基于背景建模和属性学习的视频摘要研究
发布时间:2018-10-16 16:33
【摘要】:随着高清摄像设备的普及和物联网的兴起以及平安城市和智慧城市的提出,监控摄像头被广泛地部署在城市的每一个角落。监控设备可以在打击违法犯罪,维护社会长治久安上发挥重要的作用。然而海量的视频数据也在视频的存储归档和查阅检索上给人们带来巨大的考验。传统的直接存储和人工检索方式已经无法应对大规模视频的处理需求。如何解决海量视频的存储和检索的难题已经成为国内外学者研究的热点。

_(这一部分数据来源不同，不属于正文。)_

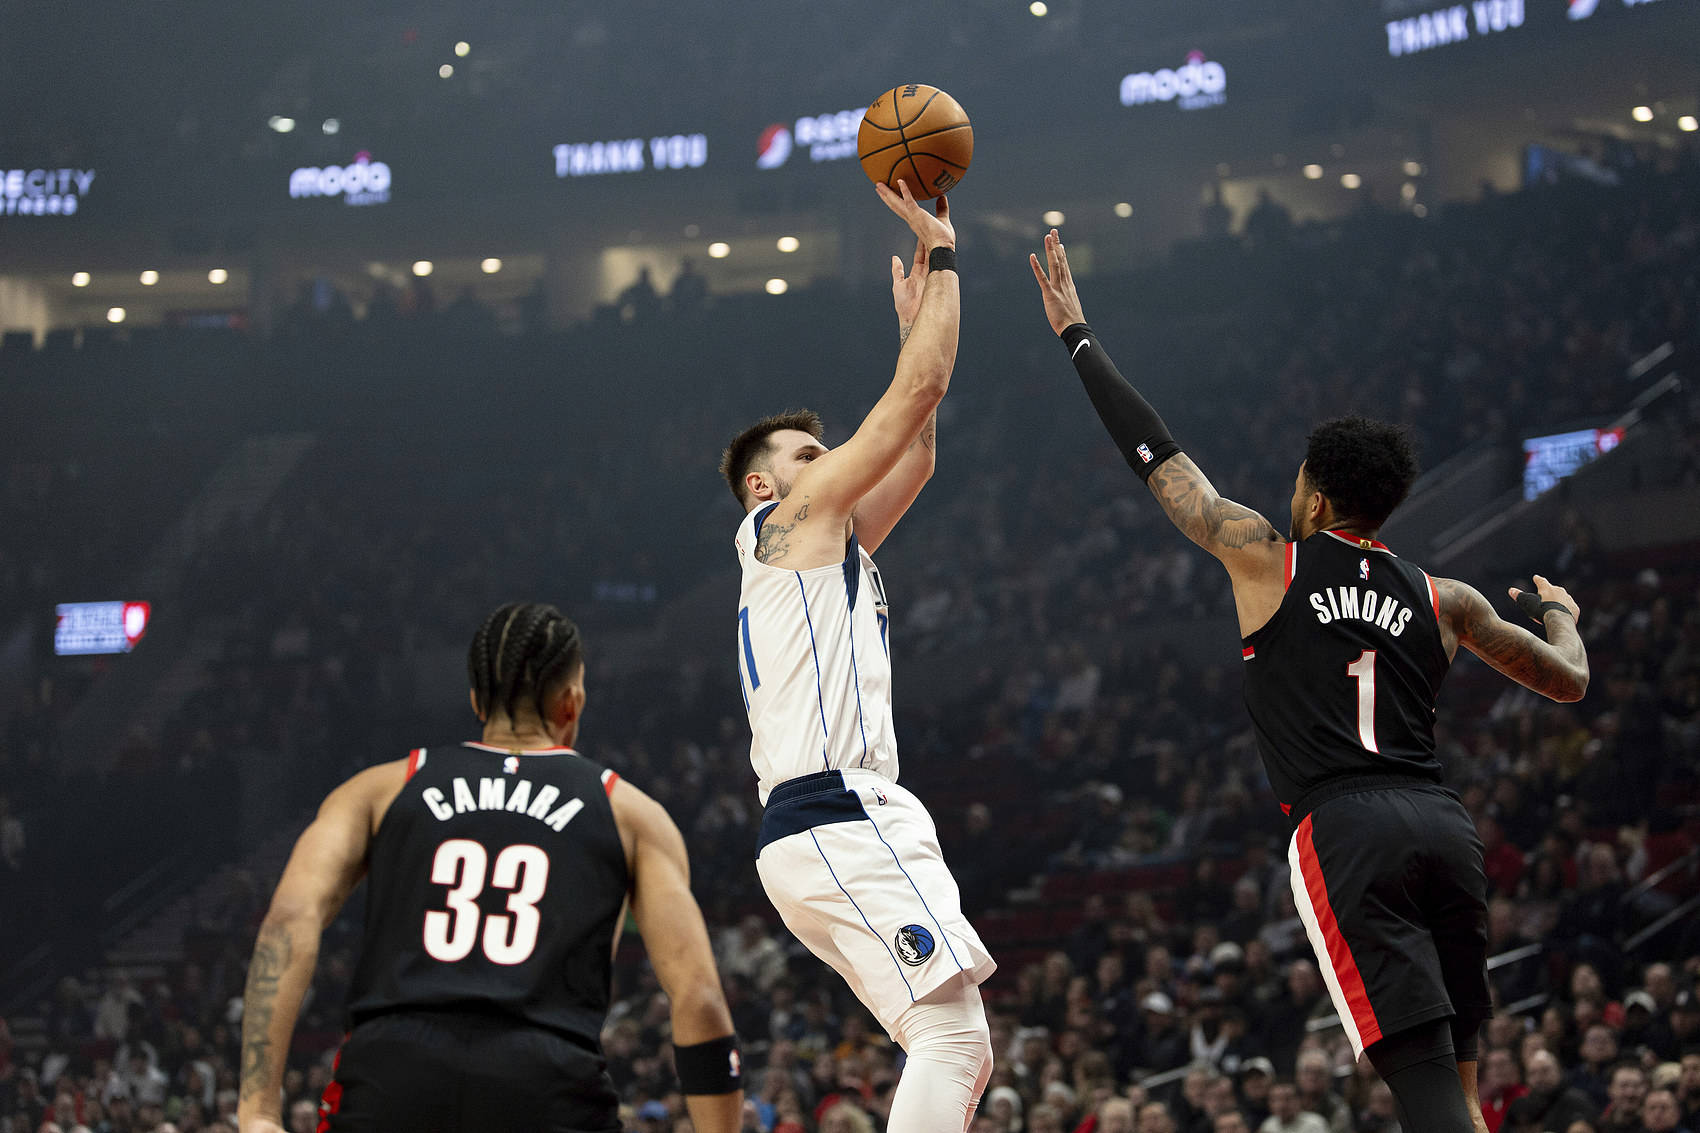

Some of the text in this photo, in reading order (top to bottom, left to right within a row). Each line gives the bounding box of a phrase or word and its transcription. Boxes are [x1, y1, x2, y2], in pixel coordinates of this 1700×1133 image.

[1385, 0, 1525, 57] THANK YOU
[1121, 50, 1226, 106] moda
[0, 168, 96, 198] ECITY
[289, 150, 391, 199] moda
[553, 133, 708, 178] THANK YOU
[1309, 586, 1413, 637] SIMONS
[1346, 649, 1380, 754] 1
[422, 777, 585, 833] CAMARA
[423, 838, 549, 966] 33
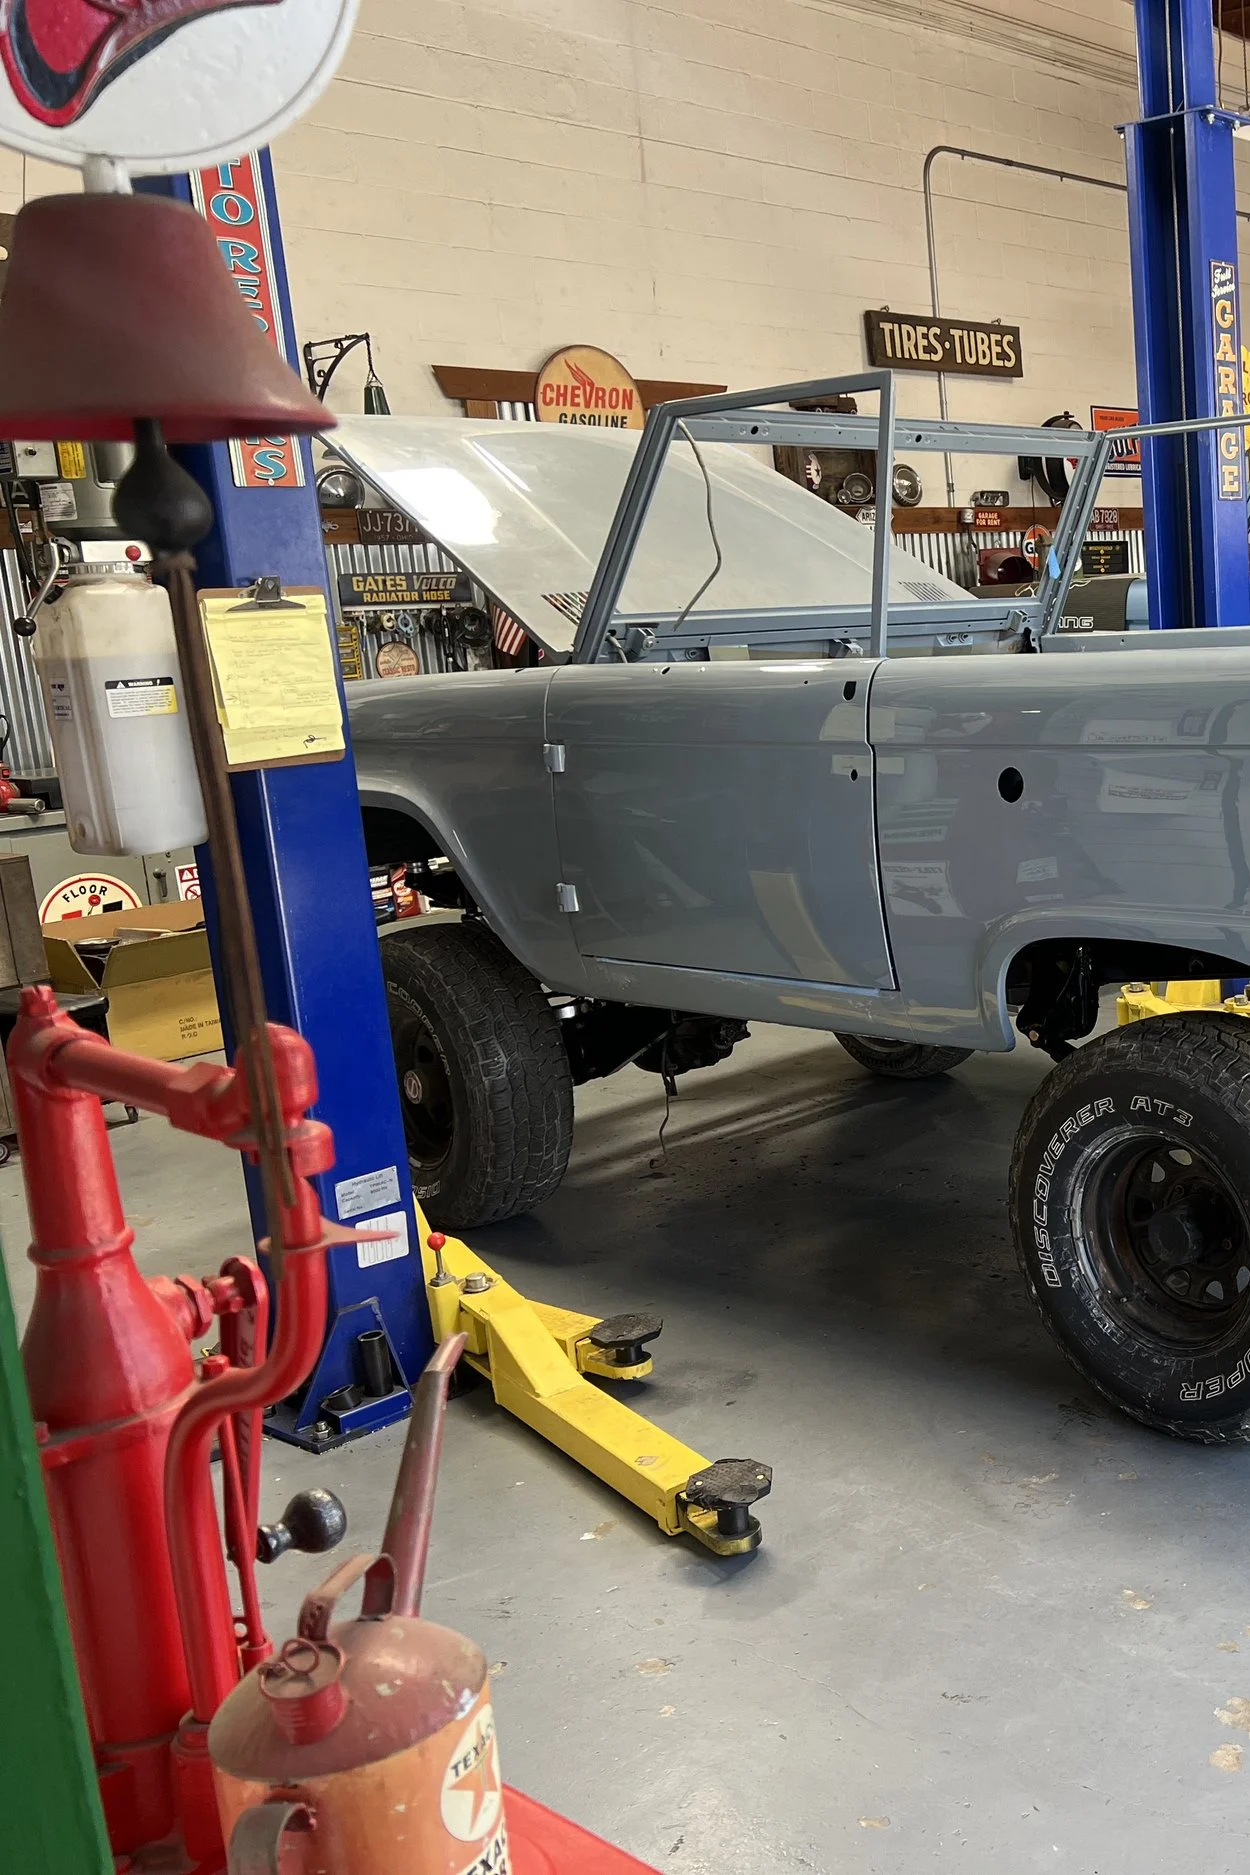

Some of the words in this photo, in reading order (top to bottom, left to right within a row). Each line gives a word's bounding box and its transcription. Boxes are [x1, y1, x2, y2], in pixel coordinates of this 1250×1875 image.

[1214, 267, 1231, 284] Full
[1211, 281, 1235, 298] Service
[879, 322, 944, 362] TIRES
[949, 328, 1016, 368] TUBES
[542, 381, 634, 411] CHEVRON
[1215, 299, 1239, 493] GARAGE
[559, 412, 628, 428] GASOLINE
[978, 512, 999, 520] GARAGE
[352, 575, 407, 592] GATES
[413, 573, 458, 590] VULCO
[363, 591, 419, 603] RADIATOR
[423, 590, 451, 600] HOSE
[62, 884, 108, 903] FLOOR
[180, 1023, 197, 1032] MADE
[198, 1021, 204, 1029] IN
[1033, 1096, 1115, 1289] DISCOVERER
[1130, 1095, 1194, 1128] AT3

因此本文针对这两个难题展开了相关研究。在查阅了大量国内外文献和资料之后,对视频存储和检索领域有了一定的了解,深入分析了课题的研究现状。阐述了当前研究工作的主要难点在于如何将监控视频中前景对象准确且无遗漏地检测出来;在检测出前景后如何对其进行多概念检测;在对多概念对象进行分类和描述时如何跨越语义鸿沟等。在此基础上本文提出了基于背景检测和属性学习的视频摘要方法。利用改进后的ViBe对视频序列进行背景建模,去除不包含前景对象的视频帧,将其余帧保留下来生成浓缩后的视频,以达到减少视频文件对存储造成的压力的目的;在获取到前景对象后建立属性分类器,利用属性学习对前景对象进行概念检测,检测出相应概念后利用属性标签来描述该前景对象,由此在浓缩的视频基础上生成视频摘要。本文研究的主要内容如下:(1)提出了基于改进ViBe的视频背景建模与浓缩。在对视频背景建模算法进行研究对比后,选择较其他主流方法速度快、占用内存少的ViBe算法。针对原ViBe算法在实际监控场景下仍会存在噪点和闪烁点以及在初始化过程中会引入鬼影的问题,对ViBe算法进行改进,分别提出了基于计数点阈值的闪烁点去除方法,基于形态学的噪点消除方法,和面向鬼影区域检测和抑制的改进算法。在实现并实验验证了对ViBe的改进后,将其应用于前景提取与视频浓缩中去。首先对视频进行背景建模,获取前景对象。而后将不包含前景对象的无用帧略去,以达到去除时间维度上的冗余信息的目的,对视频进行浓缩。(2)提出了基于多核属性学习的前景多概念检测与摘要。首先将多核学习引入直接属性预测模型框架中,给出了对核函数的权重向量进行优化求解方法;进一步地,将提出的模型运用视频对象分类中;继而利用模型的多概念分类能力和属性描述能力,对监控视频前景多概念进行检测,并给检测出的对象加上属性标签,生成视频摘要;最后,设计对比实验对提出方法的有效性进行验证。(3)在前面两个研究点的基础上,运用软件工程中面向对象的思路搭建基于背景建模和属性学习的视频摘要原型系统。系统包含视频浓缩模块、属性预测模型训练模块、视频摘要模块。运行效果良好,达到了本研究的预期目标。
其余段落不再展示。